Authorities arrested 20 people, and a state security court convicted all 12 Christians, sentencing them to life in prison, while acquitting the eight Muslims on trial. That verdict has since been annulled and the 12 released, though a retrial is ongoing.

Mrs. Dawoud's son, Fanous Nadi Ibrahim, was one of those arrested. A cattle trader, he says he was in another town on business when the violence broke out and had nothing to do with it. Since his release from prison, he lives in a new home with his wife, children, and extended family. It's unfinished – the walls are raw concrete – and barely furnished, unlike their previous home. The loss of all the family's possessions, along with money in the house that was not his and had to be repaid, "has set me back 10 years," he says.

Abu Qurqas looks peaceful – it's full of small alleyways where children sit on front steps, and in the evenings farmers come in from the fields, herding their oxen ahead of them through the streets. But the village is roughly divided into Christian and Muslim areas, and residents say that divide has grown sharper since the events.

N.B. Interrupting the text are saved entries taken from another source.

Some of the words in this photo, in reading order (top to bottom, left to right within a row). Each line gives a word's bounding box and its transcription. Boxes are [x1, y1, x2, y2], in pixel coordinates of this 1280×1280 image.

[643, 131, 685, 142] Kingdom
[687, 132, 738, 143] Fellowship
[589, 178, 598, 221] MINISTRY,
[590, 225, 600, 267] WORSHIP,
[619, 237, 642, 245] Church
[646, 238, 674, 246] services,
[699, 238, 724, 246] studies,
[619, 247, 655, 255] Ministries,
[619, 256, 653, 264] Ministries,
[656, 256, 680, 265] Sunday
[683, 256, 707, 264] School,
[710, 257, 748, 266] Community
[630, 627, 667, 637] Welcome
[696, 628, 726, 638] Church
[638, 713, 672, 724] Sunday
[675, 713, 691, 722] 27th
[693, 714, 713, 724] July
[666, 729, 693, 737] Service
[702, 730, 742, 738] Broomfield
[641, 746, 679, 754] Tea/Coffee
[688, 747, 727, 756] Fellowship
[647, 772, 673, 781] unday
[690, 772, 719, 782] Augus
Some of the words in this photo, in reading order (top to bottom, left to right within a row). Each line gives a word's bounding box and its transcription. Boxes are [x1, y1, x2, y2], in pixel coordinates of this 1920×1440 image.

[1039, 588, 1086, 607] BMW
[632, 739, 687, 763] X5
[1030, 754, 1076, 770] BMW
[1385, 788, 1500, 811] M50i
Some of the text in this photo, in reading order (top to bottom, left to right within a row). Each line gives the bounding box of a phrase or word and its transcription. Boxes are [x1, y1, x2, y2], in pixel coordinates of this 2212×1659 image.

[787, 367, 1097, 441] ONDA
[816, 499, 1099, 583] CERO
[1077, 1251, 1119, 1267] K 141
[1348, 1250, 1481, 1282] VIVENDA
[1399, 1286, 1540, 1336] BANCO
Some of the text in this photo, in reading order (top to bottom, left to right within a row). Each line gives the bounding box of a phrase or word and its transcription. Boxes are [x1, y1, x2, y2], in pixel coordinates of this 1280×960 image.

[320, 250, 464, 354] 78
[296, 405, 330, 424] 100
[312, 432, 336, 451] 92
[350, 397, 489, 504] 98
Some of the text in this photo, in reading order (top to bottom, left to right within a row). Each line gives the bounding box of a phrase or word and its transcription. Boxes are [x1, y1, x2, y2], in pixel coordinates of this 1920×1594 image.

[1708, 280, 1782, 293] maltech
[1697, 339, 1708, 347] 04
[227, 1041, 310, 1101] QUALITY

Christians say they rarely go to the Muslim areas now and express fear at the prospect of doing so. They talk about the Muslim side as if the two areas are far apart, when the reality is it's just around a corner. "Even those Christians who were not imprisoned sold their houses in [the Muslim] area," he says. "It's because of the discrimination, the name-calling, the insults. There's injustice toward Christians everywhere now. All we want is God's justice."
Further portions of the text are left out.